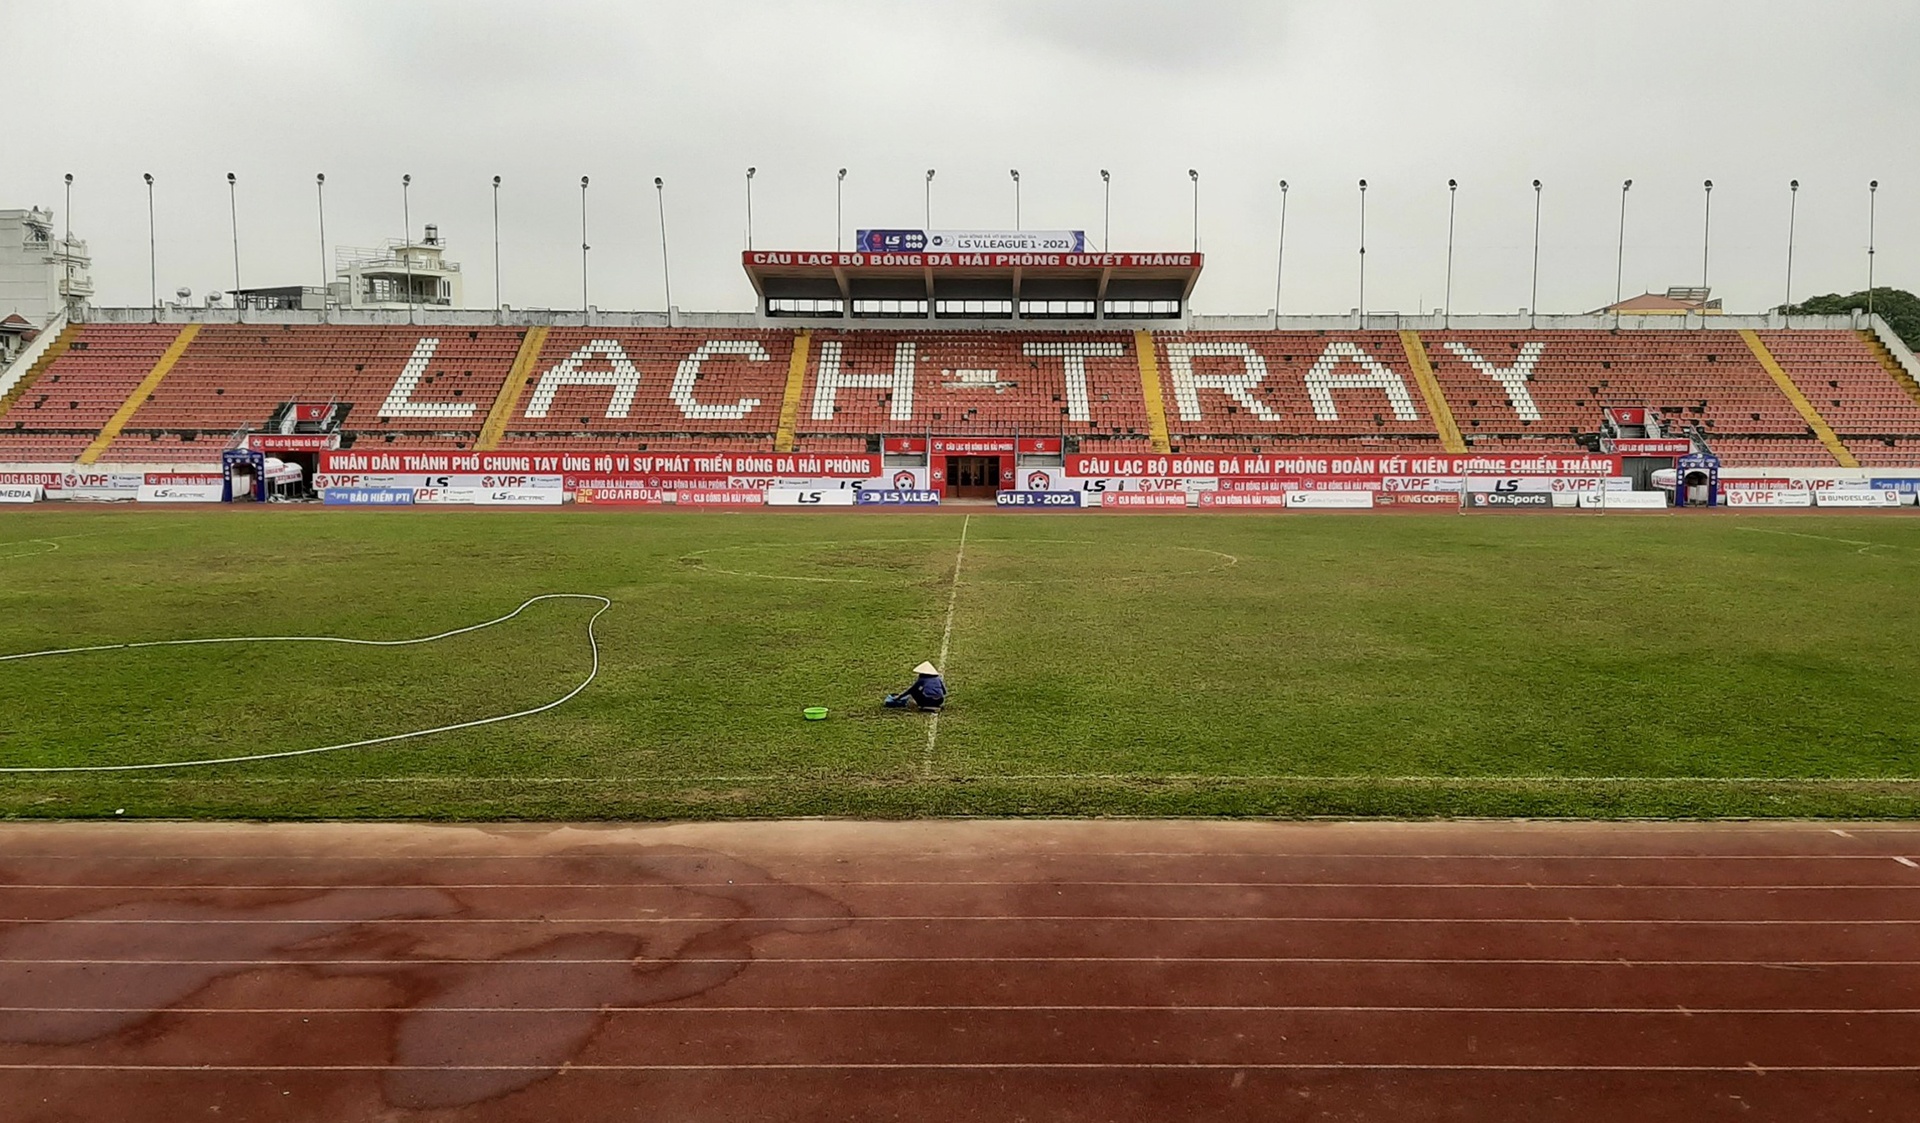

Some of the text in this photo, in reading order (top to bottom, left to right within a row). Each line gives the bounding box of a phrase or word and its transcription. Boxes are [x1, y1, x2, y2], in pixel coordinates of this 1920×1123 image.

[885, 236, 901, 245] LS
[958, 240, 971, 249] LS
[974, 240, 1028, 249] V.LEAGUE
[1030, 240, 1035, 249] 1
[1042, 240, 1069, 249] 2021
[798, 254, 833, 266] LẠC
[839, 253, 864, 266] BỘ
[870, 253, 922, 266] BÓNG
[928, 253, 953, 266] ĐÁ
[958, 253, 990, 266] HẢI
[996, 253, 1060, 266] PHÒNG
[1066, 253, 1127, 267] QUYẾT
[329, 453, 870, 474] NHÂN DÂN THÀNH PHỐ CHUNG TAY ỦNG HỘ VÌ SỰ PHÁT TRIỂN BÓNG ĐÁ HẢI PHÒNG
[1078, 457, 1110, 474] CÂU
[1114, 460, 1143, 477] LẠC
[1147, 457, 1168, 477] BỘ
[1172, 457, 1214, 474] BÓNG
[1219, 457, 1240, 474] ĐÁ
[1244, 455, 1270, 474] HẢI
[1275, 457, 1327, 474] PHÒNG
[1332, 456, 1375, 474] ĐOÀN
[1379, 455, 1408, 474] KẾT
[1412, 457, 1448, 474] KIÊN
[1511, 455, 1557, 474] CHIẾN
[1561, 456, 1613, 474] THẮNG
[0, 474, 62, 484] JOGARBOLA
[79, 475, 109, 487] VPF
[330, 476, 360, 487] VPF
[425, 477, 449, 487] LS
[498, 476, 527, 487] VPF
[745, 479, 775, 489] VPF
[1154, 478, 1183, 490] VPF
[1401, 478, 1430, 490] VPF
[1567, 479, 1597, 490] VPF
[1083, 480, 1106, 492] LS
[1495, 479, 1519, 492] LS
[1805, 479, 1835, 491] VPF
[0, 490, 32, 498] MEDIA
[154, 490, 169, 498] LS
[350, 490, 369, 502] BẢO
[397, 492, 410, 502] PTI
[492, 492, 508, 500] LS
[595, 489, 662, 500] JOGARBOLA
[797, 492, 822, 503] LS
[884, 493, 939, 502] LS V.LEA
[997, 494, 1026, 504] GUE
[1027, 495, 1034, 504] 1
[1043, 495, 1076, 504] 2021
[1291, 494, 1307, 503] LS
[1397, 495, 1458, 503] KING COFFEE
[1586, 495, 1601, 503] LS
[1745, 492, 1774, 503] VPF
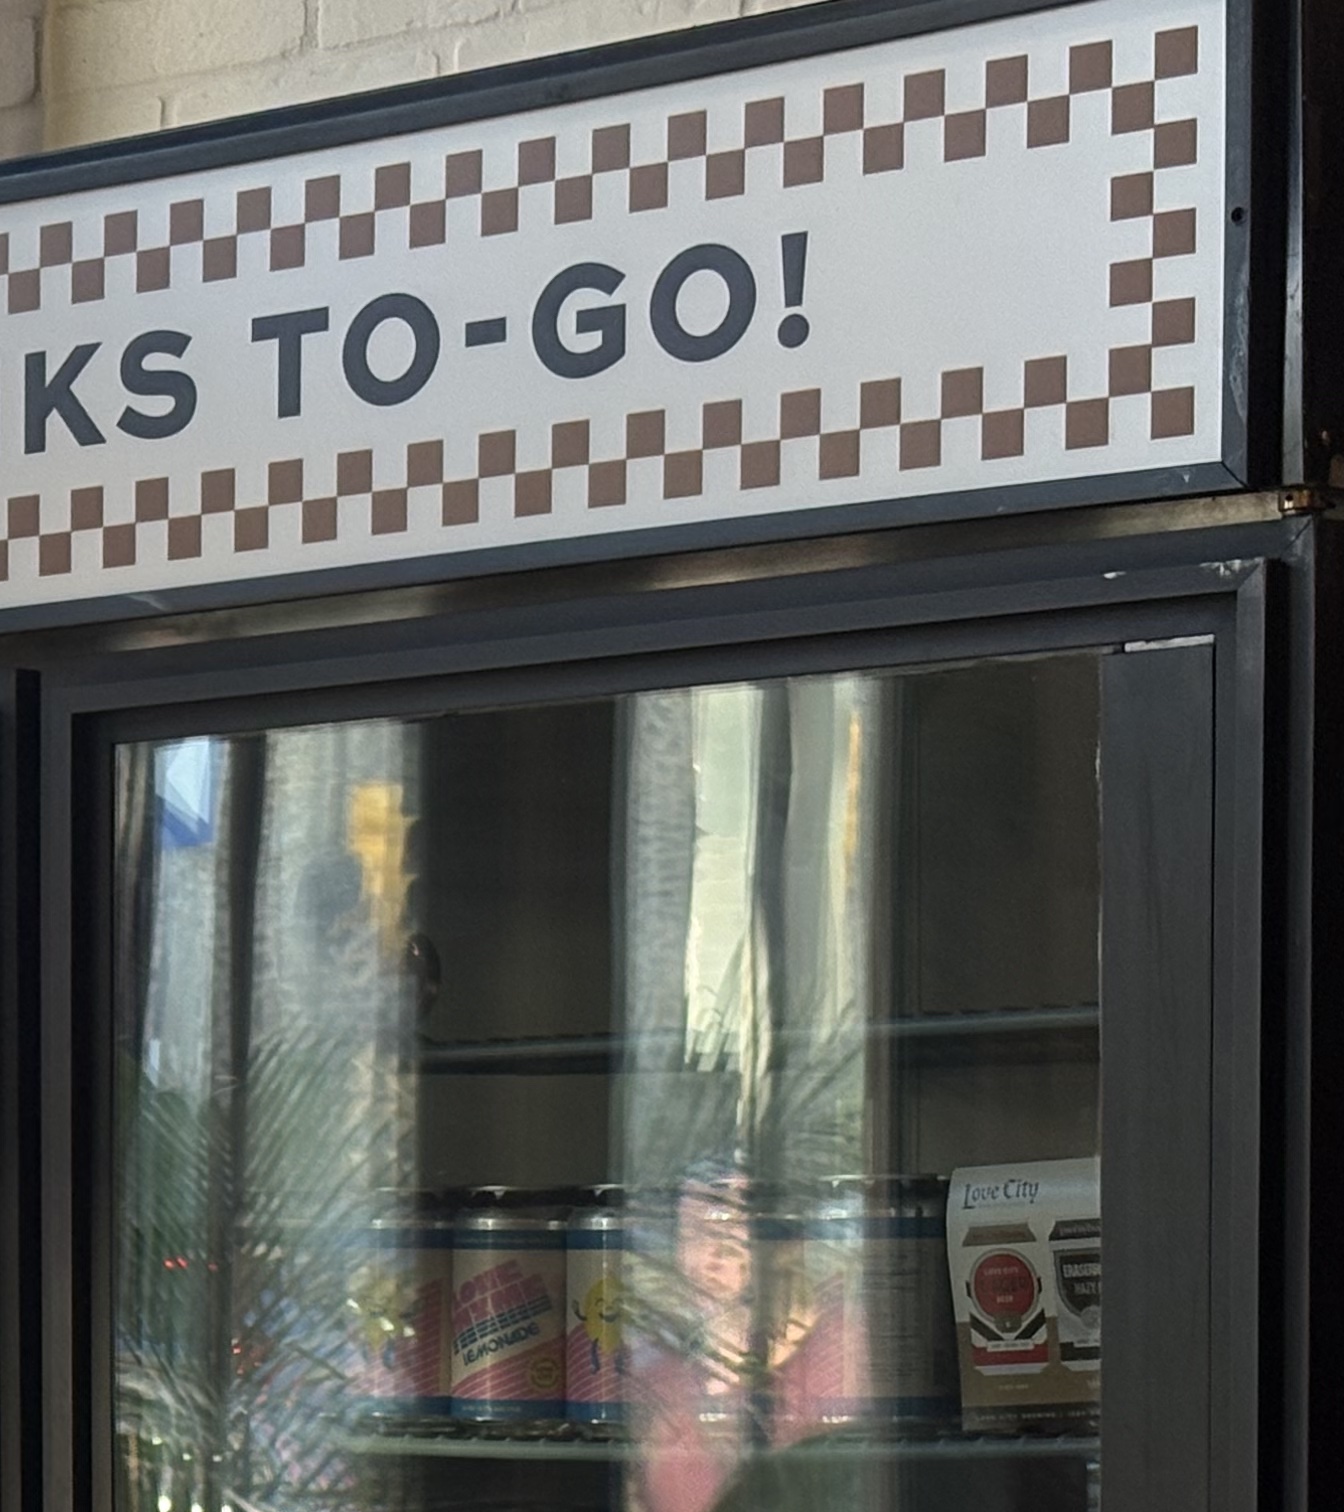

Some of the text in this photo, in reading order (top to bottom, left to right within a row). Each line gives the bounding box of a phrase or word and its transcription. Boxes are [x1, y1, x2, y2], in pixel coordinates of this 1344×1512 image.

* **Exercise brief**
Recopy the whole listing above precisely, excluding images.

* **Solution below**
Some of the text in this photo, in reading order (top to bottom, left to right within a row). Each line gives the bounding box of a phrase or word and its transcription. Boxes are [x1, y1, x2, y2], in pixel coordinates of this 1920×1123 image.

[885, 236, 901, 245] LS
[958, 240, 971, 249] LS
[974, 240, 1028, 249] V.LEAGUE
[1030, 240, 1035, 249] 1
[1042, 240, 1069, 249] 2021
[798, 254, 833, 266] LẠC
[839, 253, 864, 266] BỘ
[870, 253, 922, 266] BÓNG
[928, 253, 953, 266] ĐÁ
[958, 253, 990, 266] HẢI
[996, 253, 1060, 266] PHÒNG
[1066, 253, 1127, 267] QUYẾT
[329, 453, 870, 474] NHÂN DÂN THÀNH PHỐ CHUNG TAY ỦNG HỘ VÌ SỰ PHÁT TRIỂN BÓNG ĐÁ HẢI PHÒNG
[1078, 457, 1110, 474] CÂU
[1114, 460, 1143, 477] LẠC
[1147, 457, 1168, 477] BỘ
[1172, 457, 1214, 474] BÓNG
[1219, 457, 1240, 474] ĐÁ
[1244, 455, 1270, 474] HẢI
[1275, 457, 1327, 474] PHÒNG
[1332, 456, 1375, 474] ĐOÀN
[1379, 455, 1408, 474] KẾT
[1412, 457, 1448, 474] KIÊN
[1511, 455, 1557, 474] CHIẾN
[1561, 456, 1613, 474] THẮNG
[0, 474, 62, 484] JOGARBOLA
[79, 475, 109, 487] VPF
[330, 476, 360, 487] VPF
[425, 477, 449, 487] LS
[498, 476, 527, 487] VPF
[745, 479, 775, 489] VPF
[1154, 478, 1183, 490] VPF
[1401, 478, 1430, 490] VPF
[1567, 479, 1597, 490] VPF
[1083, 480, 1106, 492] LS
[1495, 479, 1519, 492] LS
[1805, 479, 1835, 491] VPF
[0, 490, 32, 498] MEDIA
[154, 490, 169, 498] LS
[350, 490, 369, 502] BẢO
[397, 492, 410, 502] PTI
[492, 492, 508, 500] LS
[595, 489, 662, 500] JOGARBOLA
[797, 492, 822, 503] LS
[884, 493, 939, 502] LS V.LEA
[997, 494, 1026, 504] GUE
[1027, 495, 1034, 504] 1
[1043, 495, 1076, 504] 2021
[1291, 494, 1307, 503] LS
[1397, 495, 1458, 503] KING COFFEE
[1586, 495, 1601, 503] LS
[1745, 492, 1774, 503] VPF

Some of the text in this photo, in reading order (top to bottom, left to right within a row). Each line gives the bounding box of a phrase or word and its transcription. Boxes are [x1, y1, x2, y2], in pixel coordinates of this 1344×1512 image.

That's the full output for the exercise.